### Problem:
An exact copy is needed of each line from the one including "this 2048×1536 image." through the last line of the entries, both ends counted, with nothing added.
***** Given data *****
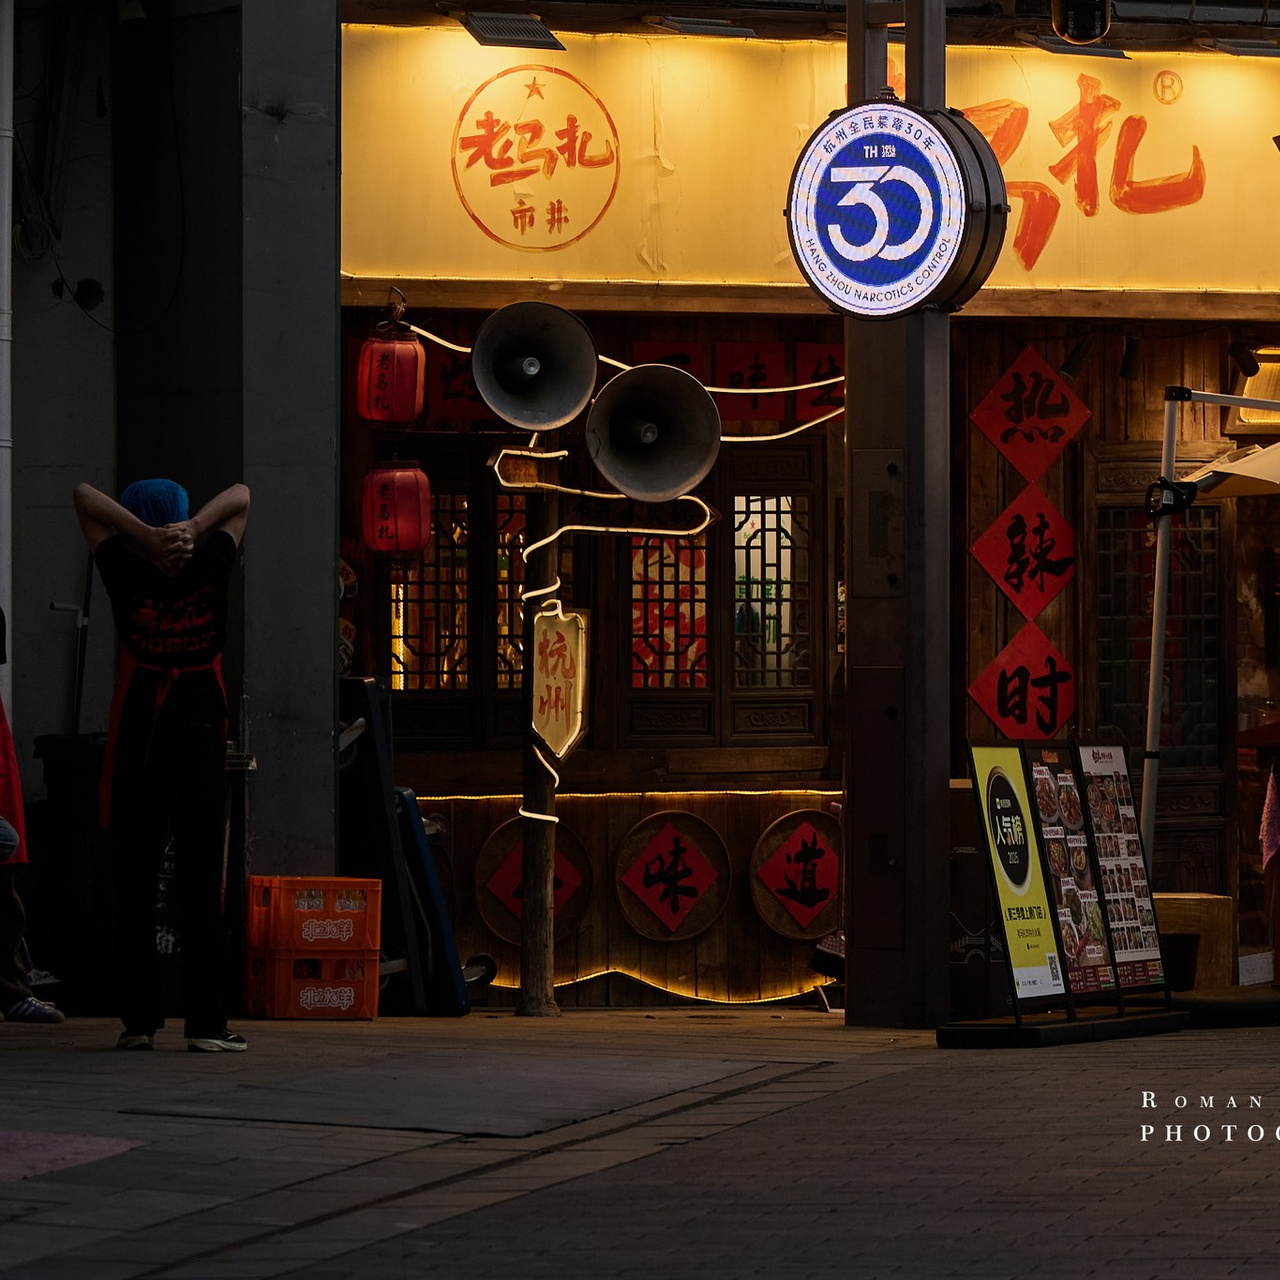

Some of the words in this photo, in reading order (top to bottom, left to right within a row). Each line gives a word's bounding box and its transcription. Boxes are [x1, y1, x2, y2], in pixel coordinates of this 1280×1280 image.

[459, 109, 616, 187] 老马扎
[863, 145, 878, 159] TH
[510, 200, 569, 236] 市井
[827, 165, 933, 262] 30
[806, 238, 827, 272] HANG
[826, 271, 851, 296] ZHOU
[854, 282, 914, 302] NARCOTICS
[915, 237, 951, 286] CONTROL
[373, 352, 391, 411] 老马扎
[377, 483, 394, 540] 老马扎
[538, 629, 577, 730] 杭州
[302, 919, 354, 942] 北冰洋
[300, 987, 354, 1010] 北冰洋
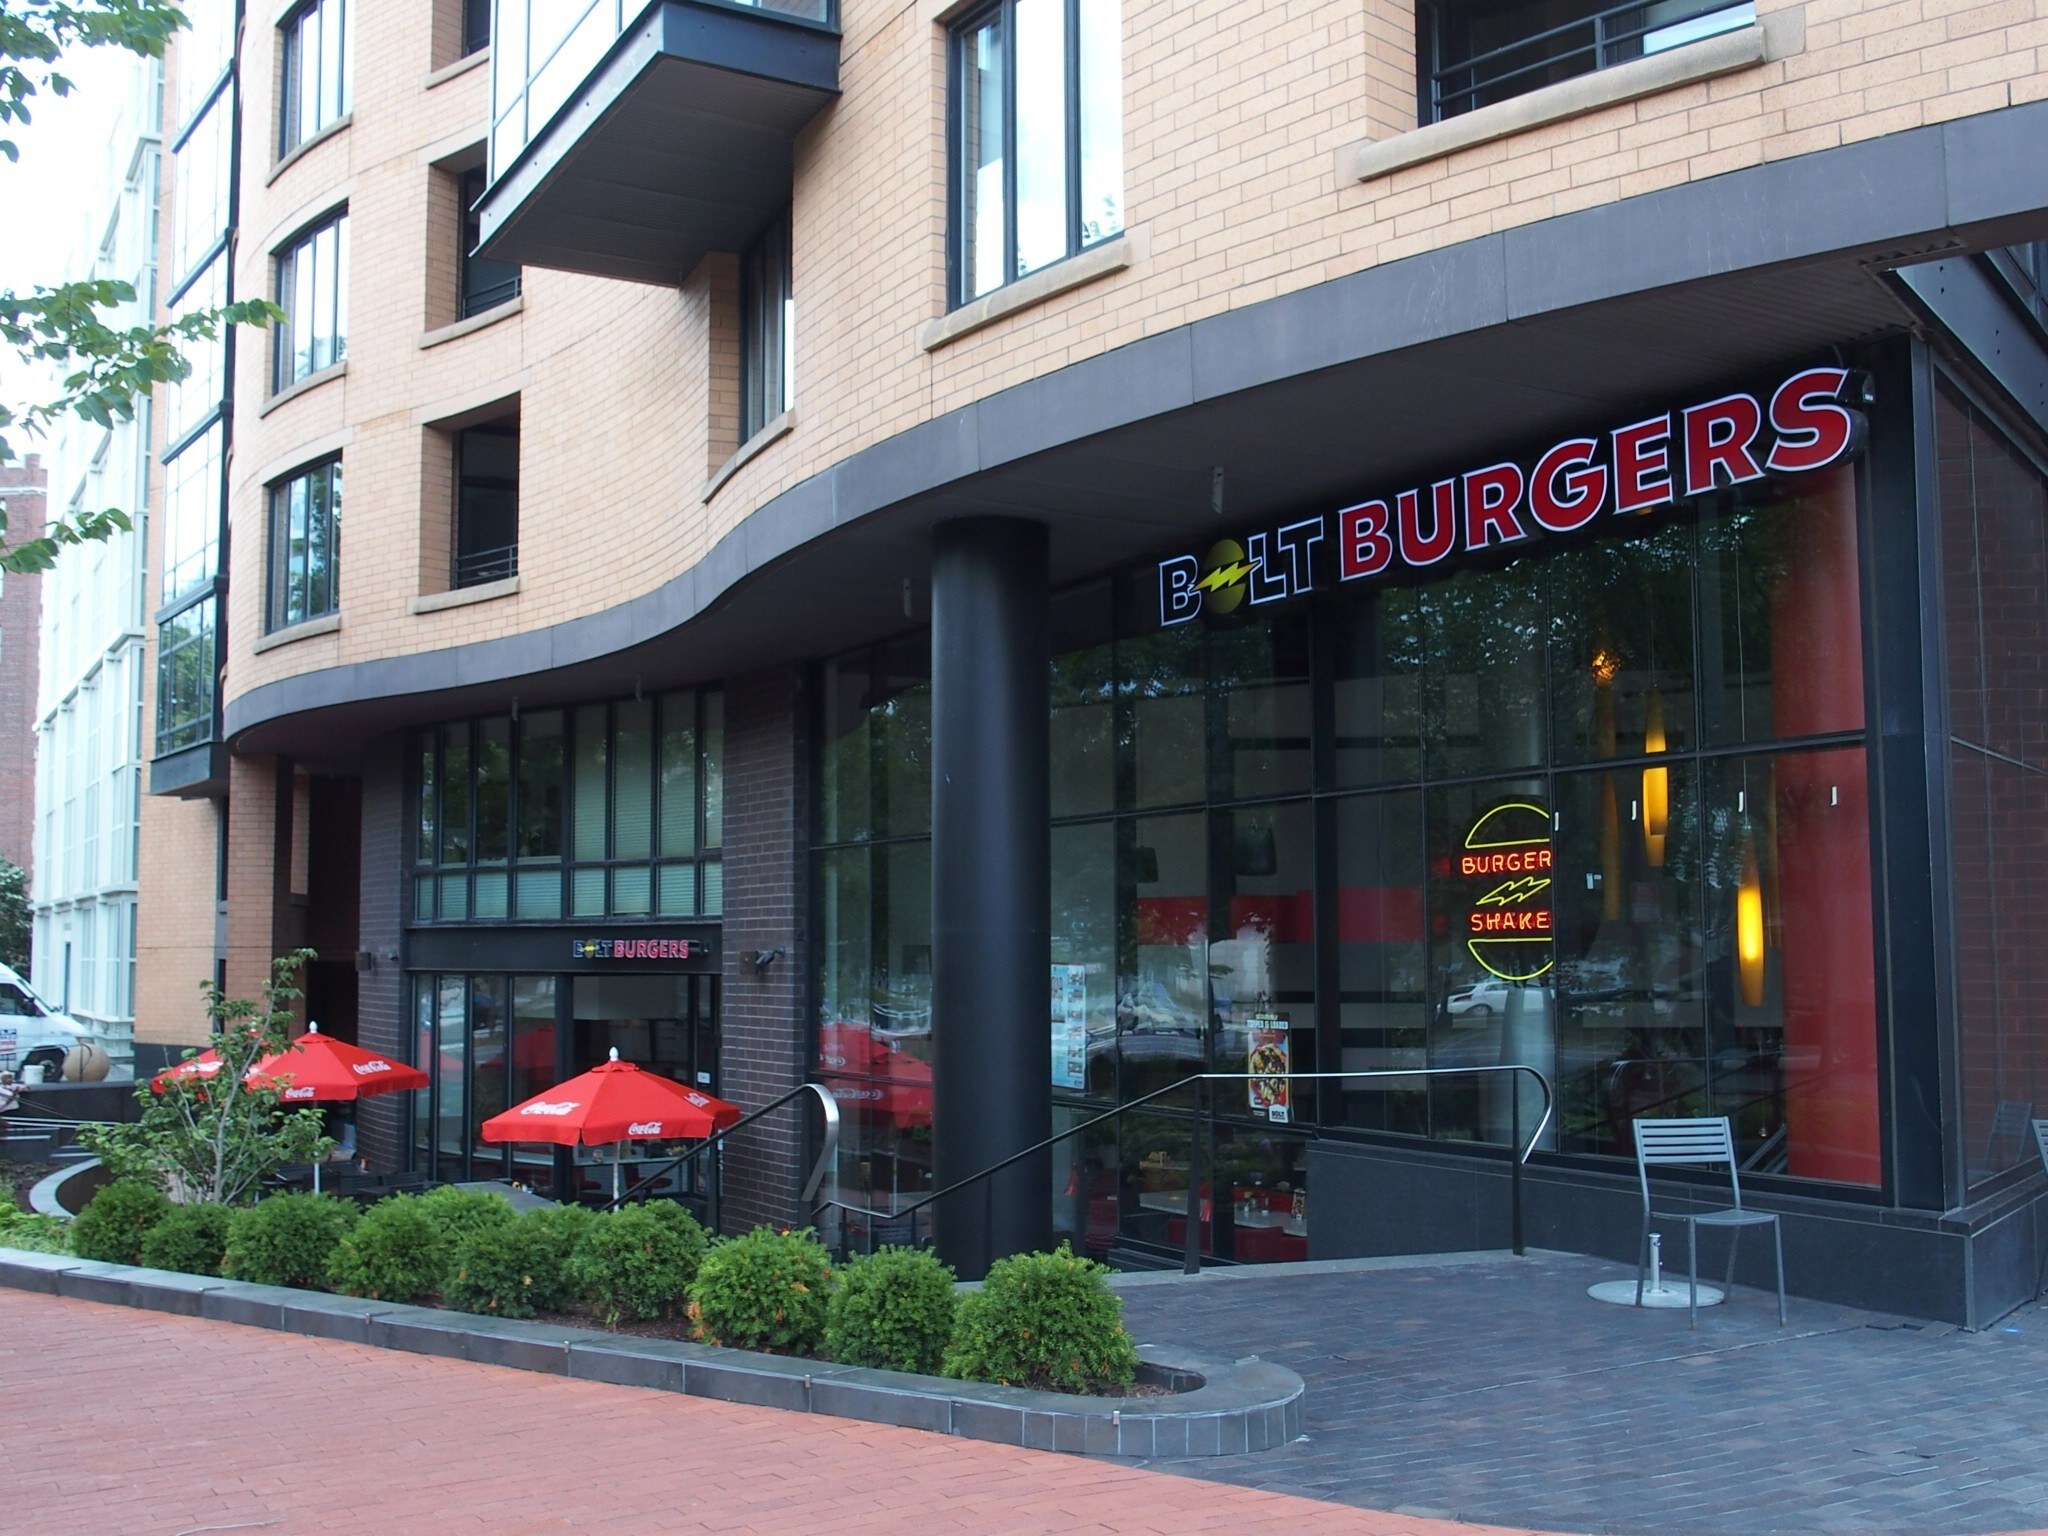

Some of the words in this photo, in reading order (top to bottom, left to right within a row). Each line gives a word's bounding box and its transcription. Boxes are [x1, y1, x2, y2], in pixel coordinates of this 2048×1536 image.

[1158, 514, 1324, 626] BOLT
[1338, 367, 1852, 582] BURGERS
[1462, 851, 1552, 874] BURGER
[1471, 912, 1550, 931] SHAKE
[614, 939, 689, 959] BURGERS
*****
### Answer area:
Some of the words in this photo, in reading order (top to bottom, left to right within a row). Each line gives a word's bounding box and its transcription. Boxes are [x1, y1, x2, y2], in pixel coordinates of this 2048×1536 image.

[1158, 514, 1324, 626] BOLT
[1338, 367, 1852, 582] BURGERS
[1462, 851, 1552, 874] BURGER
[1471, 912, 1550, 931] SHAKE
[614, 939, 689, 959] BURGERS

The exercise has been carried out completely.